Data extract ▸
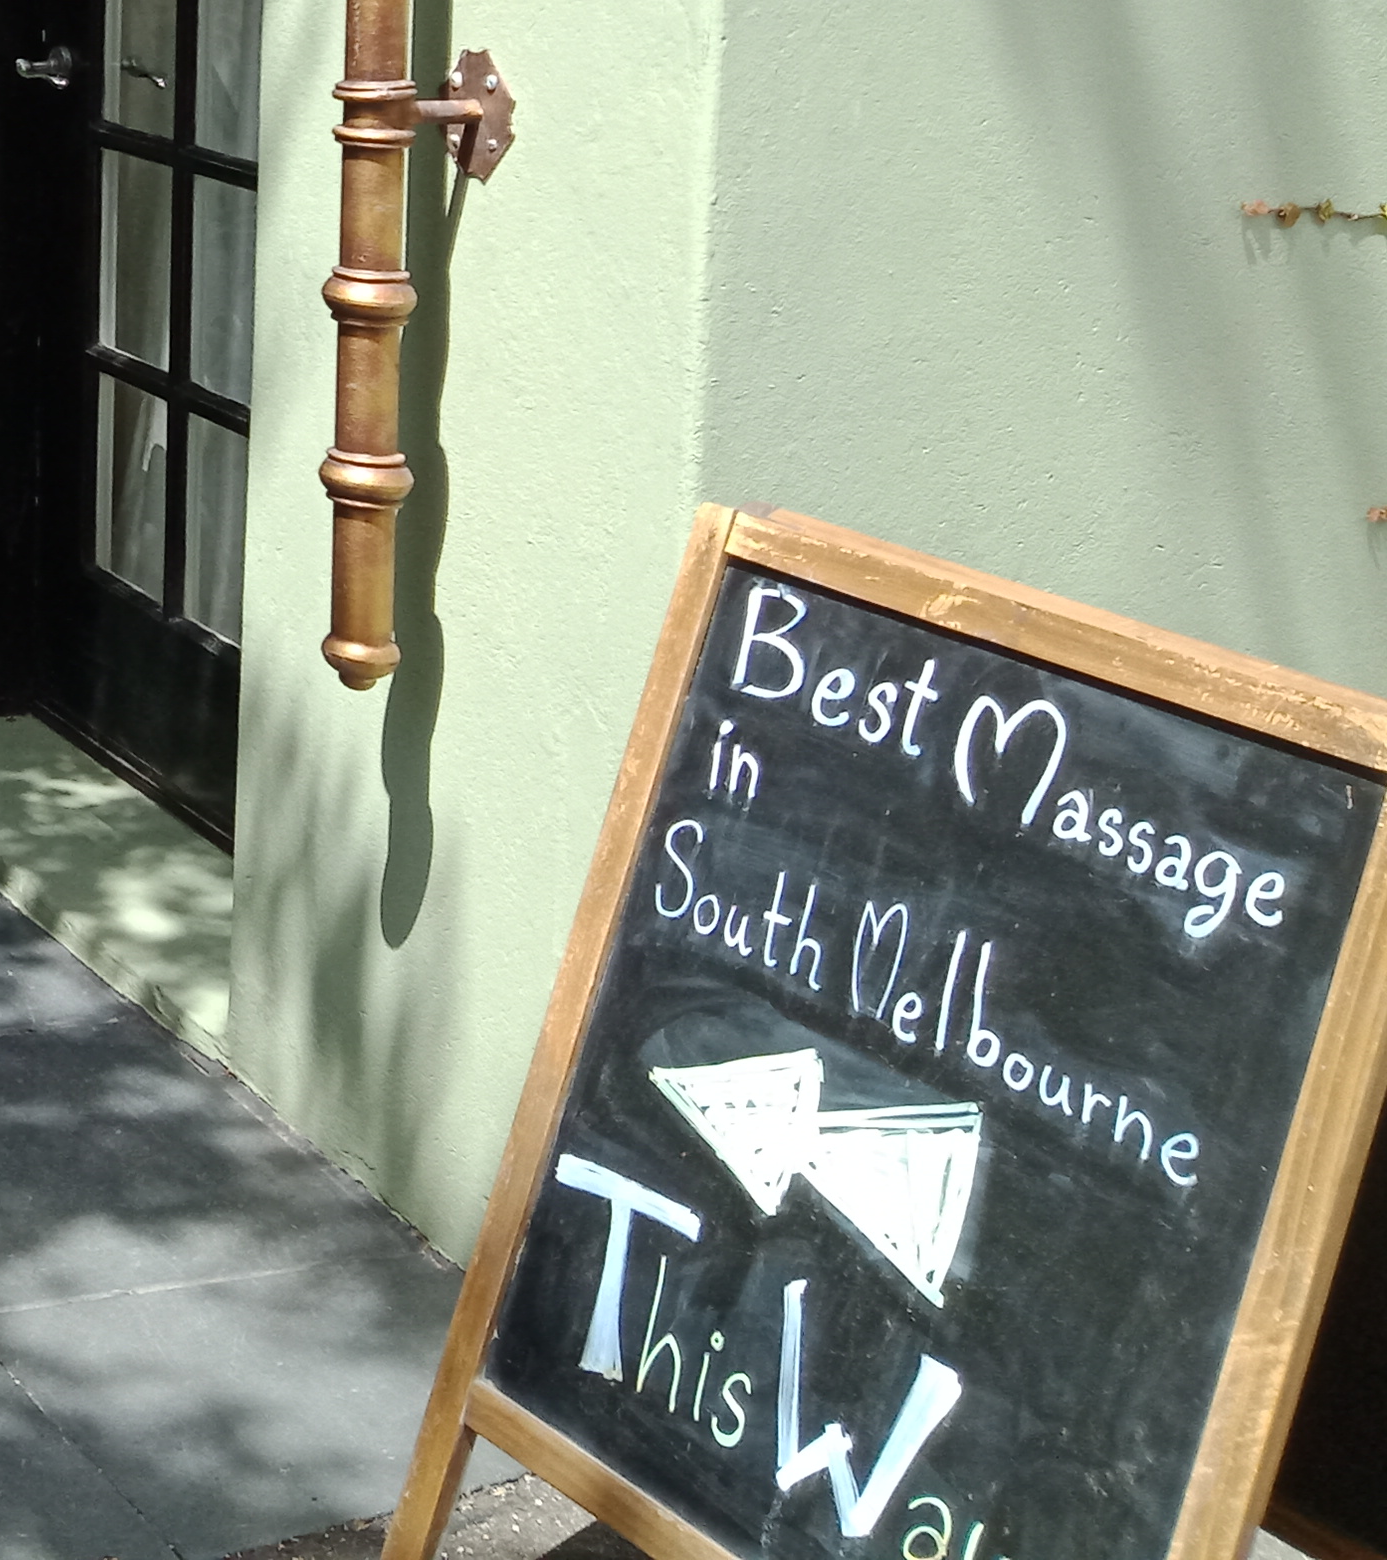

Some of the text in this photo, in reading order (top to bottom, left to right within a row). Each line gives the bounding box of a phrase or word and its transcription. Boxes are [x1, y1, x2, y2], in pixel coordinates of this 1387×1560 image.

[707, 719, 761, 801] in
[730, 585, 1286, 939] Best Massage
[655, 818, 1201, 1187] South Melbourne
[555, 1152, 1012, 1560] This Wa
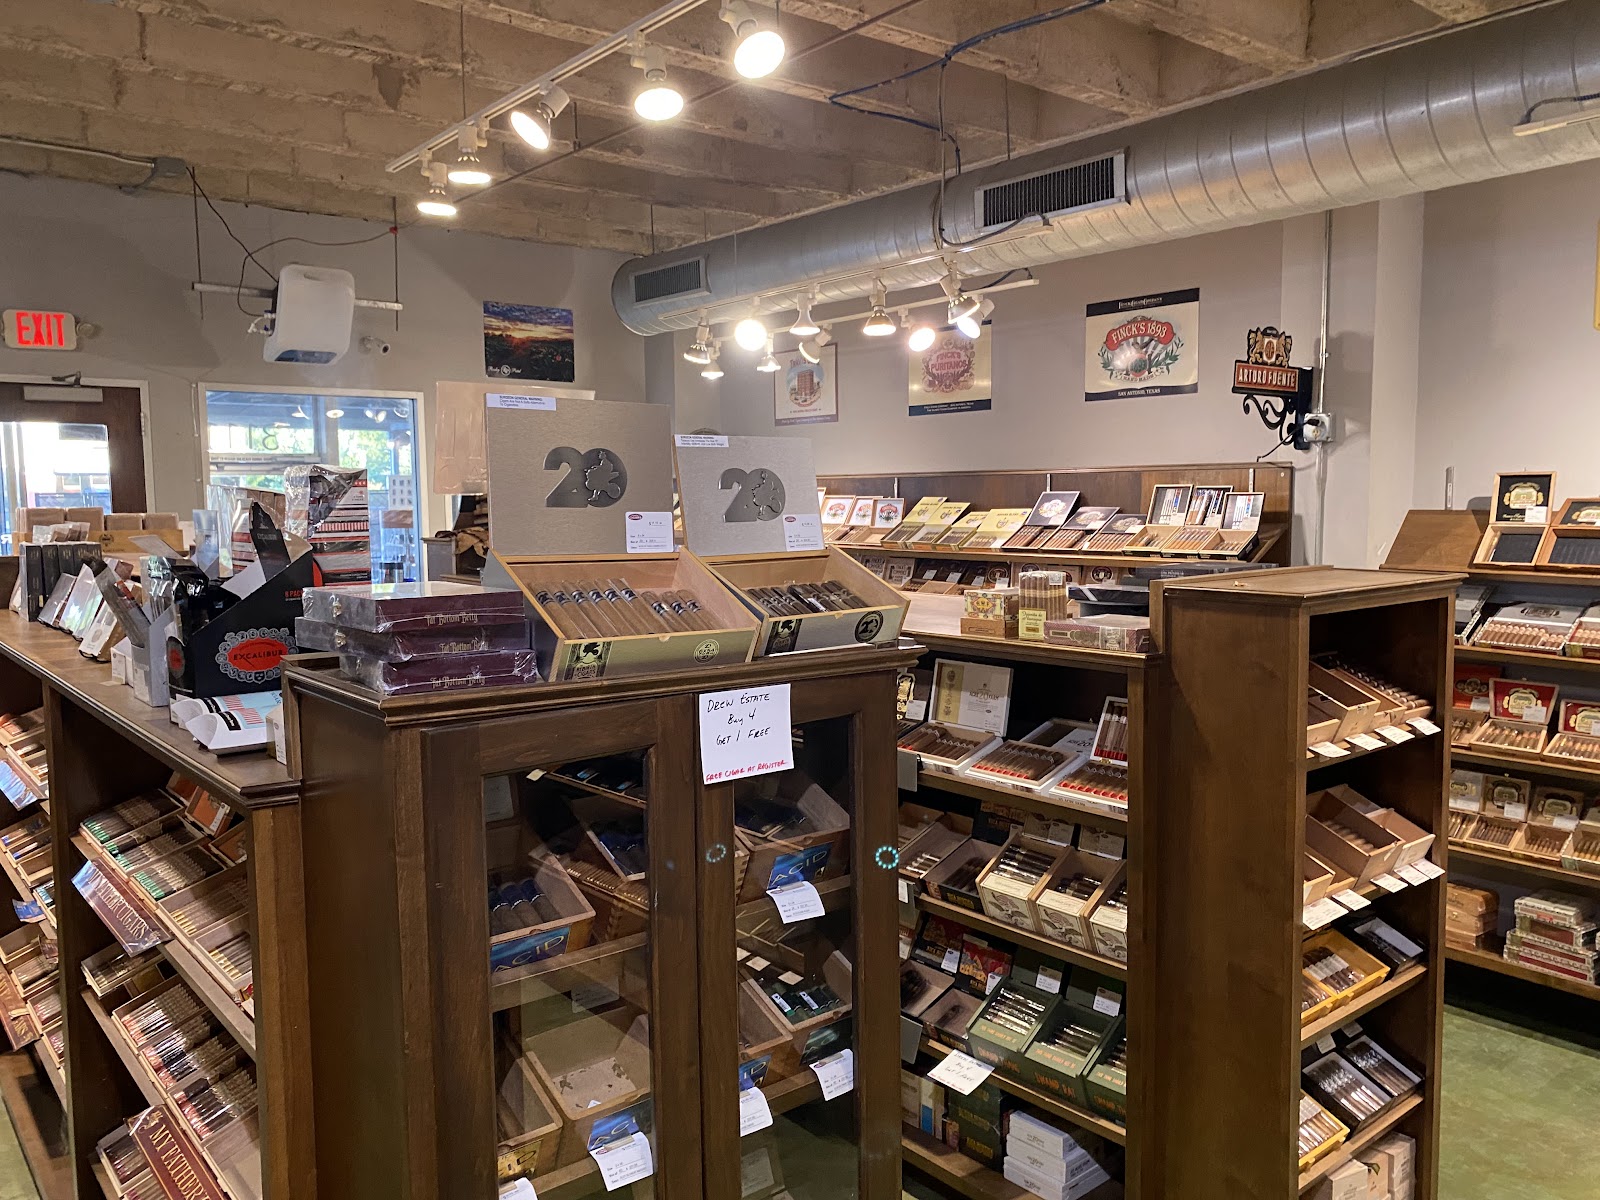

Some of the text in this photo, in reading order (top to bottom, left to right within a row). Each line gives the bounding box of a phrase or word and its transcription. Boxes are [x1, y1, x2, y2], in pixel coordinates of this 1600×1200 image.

[16, 312, 65, 347] EXIT
[1111, 320, 1167, 343] FINCK'S 1893
[930, 360, 968, 371] PURITANOS
[936, 351, 961, 361] FINCK'S
[1238, 368, 1296, 388] ARTURO FUENTE
[543, 446, 628, 508] 20
[718, 467, 786, 523] 20
[437, 614, 460, 626] Bottom
[233, 649, 284, 661] EXCALIBUR
[707, 693, 770, 713] DREW ESTATE
[728, 707, 757, 725] Buy 4
[748, 726, 771, 739] FREE
[747, 765, 756, 773] AT
[771, 850, 828, 886] ACID
[97, 879, 126, 914] FATHER
[116, 905, 149, 940] CIGARS
[149, 1124, 205, 1200] MY FATHER

About this task ▸
Every line from the one with "this 1600×1200 image." to the end of the records above should be returned exactly, and no other lines.

Answer section ▸
Some of the text in this photo, in reading order (top to bottom, left to right within a row). Each line gives the bounding box of a phrase or word and its transcription. Boxes are [x1, y1, x2, y2], in pixel coordinates of this 1600×1200 image.

[16, 312, 65, 347] EXIT
[1111, 320, 1167, 343] FINCK'S 1893
[930, 360, 968, 371] PURITANOS
[936, 351, 961, 361] FINCK'S
[1238, 368, 1296, 388] ARTURO FUENTE
[543, 446, 628, 508] 20
[718, 467, 786, 523] 20
[437, 614, 460, 626] Bottom
[233, 649, 284, 661] EXCALIBUR
[707, 693, 770, 713] DREW ESTATE
[728, 707, 757, 725] Buy 4
[748, 726, 771, 739] FREE
[747, 765, 756, 773] AT
[771, 850, 828, 886] ACID
[97, 879, 126, 914] FATHER
[116, 905, 149, 940] CIGARS
[149, 1124, 205, 1200] MY FATHER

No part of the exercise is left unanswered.